=== DATA SECTION ===
□ □ □ □ □
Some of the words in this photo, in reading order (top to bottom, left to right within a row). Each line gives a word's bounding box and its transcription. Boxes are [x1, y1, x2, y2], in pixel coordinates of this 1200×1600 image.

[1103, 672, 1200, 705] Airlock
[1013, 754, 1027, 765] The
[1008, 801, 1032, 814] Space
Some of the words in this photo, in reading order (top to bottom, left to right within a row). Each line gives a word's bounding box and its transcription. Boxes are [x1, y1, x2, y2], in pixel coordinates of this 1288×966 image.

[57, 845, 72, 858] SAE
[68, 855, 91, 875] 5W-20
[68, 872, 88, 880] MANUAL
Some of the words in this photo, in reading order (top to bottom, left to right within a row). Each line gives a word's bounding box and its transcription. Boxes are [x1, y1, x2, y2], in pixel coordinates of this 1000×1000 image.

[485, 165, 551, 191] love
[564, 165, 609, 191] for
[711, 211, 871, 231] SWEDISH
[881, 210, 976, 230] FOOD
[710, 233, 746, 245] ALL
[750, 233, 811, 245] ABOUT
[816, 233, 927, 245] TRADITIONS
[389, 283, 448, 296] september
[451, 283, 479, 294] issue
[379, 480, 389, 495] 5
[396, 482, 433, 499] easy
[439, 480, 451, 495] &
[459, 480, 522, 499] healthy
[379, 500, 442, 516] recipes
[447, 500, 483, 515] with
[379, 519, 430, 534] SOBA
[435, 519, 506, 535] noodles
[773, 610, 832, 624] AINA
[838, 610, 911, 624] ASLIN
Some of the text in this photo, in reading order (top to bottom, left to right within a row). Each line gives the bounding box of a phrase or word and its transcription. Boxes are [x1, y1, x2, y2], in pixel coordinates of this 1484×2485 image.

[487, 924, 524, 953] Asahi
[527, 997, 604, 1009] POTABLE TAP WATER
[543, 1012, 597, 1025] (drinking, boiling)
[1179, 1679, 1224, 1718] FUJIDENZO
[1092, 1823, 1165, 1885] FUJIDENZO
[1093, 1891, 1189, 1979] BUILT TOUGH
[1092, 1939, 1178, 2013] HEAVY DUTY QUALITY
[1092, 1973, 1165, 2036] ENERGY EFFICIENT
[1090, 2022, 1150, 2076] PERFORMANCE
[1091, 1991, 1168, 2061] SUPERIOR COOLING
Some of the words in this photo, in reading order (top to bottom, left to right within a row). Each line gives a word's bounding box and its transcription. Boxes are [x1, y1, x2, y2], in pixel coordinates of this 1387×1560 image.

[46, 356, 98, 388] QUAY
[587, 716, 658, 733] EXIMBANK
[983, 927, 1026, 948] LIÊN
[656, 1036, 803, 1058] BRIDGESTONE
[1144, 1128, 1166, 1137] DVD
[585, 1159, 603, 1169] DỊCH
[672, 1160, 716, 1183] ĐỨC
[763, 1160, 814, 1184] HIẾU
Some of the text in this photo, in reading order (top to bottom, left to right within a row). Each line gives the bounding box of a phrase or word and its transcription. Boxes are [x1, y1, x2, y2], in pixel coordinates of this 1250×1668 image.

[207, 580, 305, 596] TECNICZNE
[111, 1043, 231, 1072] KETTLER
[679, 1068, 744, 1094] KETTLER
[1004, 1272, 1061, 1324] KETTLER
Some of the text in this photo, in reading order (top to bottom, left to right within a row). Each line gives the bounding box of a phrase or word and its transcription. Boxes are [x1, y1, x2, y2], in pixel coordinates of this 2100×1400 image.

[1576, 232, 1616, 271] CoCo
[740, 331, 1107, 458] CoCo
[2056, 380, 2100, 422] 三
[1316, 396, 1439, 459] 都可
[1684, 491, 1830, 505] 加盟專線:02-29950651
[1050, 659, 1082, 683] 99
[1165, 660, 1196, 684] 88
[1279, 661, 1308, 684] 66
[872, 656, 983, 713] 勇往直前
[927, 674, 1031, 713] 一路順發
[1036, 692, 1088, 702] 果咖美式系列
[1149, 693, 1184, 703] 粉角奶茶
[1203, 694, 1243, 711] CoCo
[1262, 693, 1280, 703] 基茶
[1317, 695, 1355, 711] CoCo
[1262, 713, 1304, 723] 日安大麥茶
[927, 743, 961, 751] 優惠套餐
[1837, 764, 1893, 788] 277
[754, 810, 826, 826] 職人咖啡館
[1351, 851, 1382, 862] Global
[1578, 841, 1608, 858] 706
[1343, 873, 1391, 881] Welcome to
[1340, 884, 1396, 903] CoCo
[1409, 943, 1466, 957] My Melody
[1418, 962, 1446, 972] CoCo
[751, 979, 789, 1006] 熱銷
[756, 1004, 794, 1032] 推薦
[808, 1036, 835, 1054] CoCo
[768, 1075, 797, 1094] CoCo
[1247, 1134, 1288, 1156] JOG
□ □ □ □ □
=== PROMPT ===
Reproduce every entry shown above, precisely as it stands.

=== EXERCISE OUTPUT ===
Some of the words in this photo, in reading order (top to bottom, left to right within a row). Each line gives a word's bounding box and its transcription. Boxes are [x1, y1, x2, y2], in pixel coordinates of this 1200×1600 image.

[1103, 672, 1200, 705] Airlock
[1013, 754, 1027, 765] The
[1008, 801, 1032, 814] Space
Some of the words in this photo, in reading order (top to bottom, left to right within a row). Each line gives a word's bounding box and its transcription. Boxes are [x1, y1, x2, y2], in pixel coordinates of this 1288×966 image.

[57, 845, 72, 858] SAE
[68, 855, 91, 875] 5W-20
[68, 872, 88, 880] MANUAL
Some of the words in this photo, in reading order (top to bottom, left to right within a row). Each line gives a word's bounding box and its transcription. Boxes are [x1, y1, x2, y2], in pixel coordinates of this 1000×1000 image.

[485, 165, 551, 191] love
[564, 165, 609, 191] for
[711, 211, 871, 231] SWEDISH
[881, 210, 976, 230] FOOD
[710, 233, 746, 245] ALL
[750, 233, 811, 245] ABOUT
[816, 233, 927, 245] TRADITIONS
[389, 283, 448, 296] september
[451, 283, 479, 294] issue
[379, 480, 389, 495] 5
[396, 482, 433, 499] easy
[439, 480, 451, 495] &
[459, 480, 522, 499] healthy
[379, 500, 442, 516] recipes
[447, 500, 483, 515] with
[379, 519, 430, 534] SOBA
[435, 519, 506, 535] noodles
[773, 610, 832, 624] AINA
[838, 610, 911, 624] ASLIN
Some of the text in this photo, in reading order (top to bottom, left to right within a row). Each line gives the bounding box of a phrase or word and its transcription. Boxes are [x1, y1, x2, y2], in pixel coordinates of this 1484×2485 image.

[487, 924, 524, 953] Asahi
[527, 997, 604, 1009] POTABLE TAP WATER
[543, 1012, 597, 1025] (drinking, boiling)
[1179, 1679, 1224, 1718] FUJIDENZO
[1092, 1823, 1165, 1885] FUJIDENZO
[1093, 1891, 1189, 1979] BUILT TOUGH
[1092, 1939, 1178, 2013] HEAVY DUTY QUALITY
[1092, 1973, 1165, 2036] ENERGY EFFICIENT
[1090, 2022, 1150, 2076] PERFORMANCE
[1091, 1991, 1168, 2061] SUPERIOR COOLING
Some of the words in this photo, in reading order (top to bottom, left to right within a row). Each line gives a word's bounding box and its transcription. Boxes are [x1, y1, x2, y2], in pixel coordinates of this 1387×1560 image.

[46, 356, 98, 388] QUAY
[587, 716, 658, 733] EXIMBANK
[983, 927, 1026, 948] LIÊN
[656, 1036, 803, 1058] BRIDGESTONE
[1144, 1128, 1166, 1137] DVD
[585, 1159, 603, 1169] DỊCH
[672, 1160, 716, 1183] ĐỨC
[763, 1160, 814, 1184] HIẾU
Some of the text in this photo, in reading order (top to bottom, left to right within a row). Each line gives the bounding box of a phrase or word and its transcription. Boxes are [x1, y1, x2, y2], in pixel coordinates of this 1250×1668 image.

[207, 580, 305, 596] TECNICZNE
[111, 1043, 231, 1072] KETTLER
[679, 1068, 744, 1094] KETTLER
[1004, 1272, 1061, 1324] KETTLER
Some of the text in this photo, in reading order (top to bottom, left to right within a row). Each line gives the bounding box of a phrase or word and its transcription. Boxes are [x1, y1, x2, y2], in pixel coordinates of this 2100×1400 image.

[1576, 232, 1616, 271] CoCo
[740, 331, 1107, 458] CoCo
[2056, 380, 2100, 422] 三
[1316, 396, 1439, 459] 都可
[1684, 491, 1830, 505] 加盟專線:02-29950651
[1050, 659, 1082, 683] 99
[1165, 660, 1196, 684] 88
[1279, 661, 1308, 684] 66
[872, 656, 983, 713] 勇往直前
[927, 674, 1031, 713] 一路順發
[1036, 692, 1088, 702] 果咖美式系列
[1149, 693, 1184, 703] 粉角奶茶
[1203, 694, 1243, 711] CoCo
[1262, 693, 1280, 703] 基茶
[1317, 695, 1355, 711] CoCo
[1262, 713, 1304, 723] 日安大麥茶
[927, 743, 961, 751] 優惠套餐
[1837, 764, 1893, 788] 277
[754, 810, 826, 826] 職人咖啡館
[1351, 851, 1382, 862] Global
[1578, 841, 1608, 858] 706
[1343, 873, 1391, 881] Welcome to
[1340, 884, 1396, 903] CoCo
[1409, 943, 1466, 957] My Melody
[1418, 962, 1446, 972] CoCo
[751, 979, 789, 1006] 熱銷
[756, 1004, 794, 1032] 推薦
[808, 1036, 835, 1054] CoCo
[768, 1075, 797, 1094] CoCo
[1247, 1134, 1288, 1156] JOG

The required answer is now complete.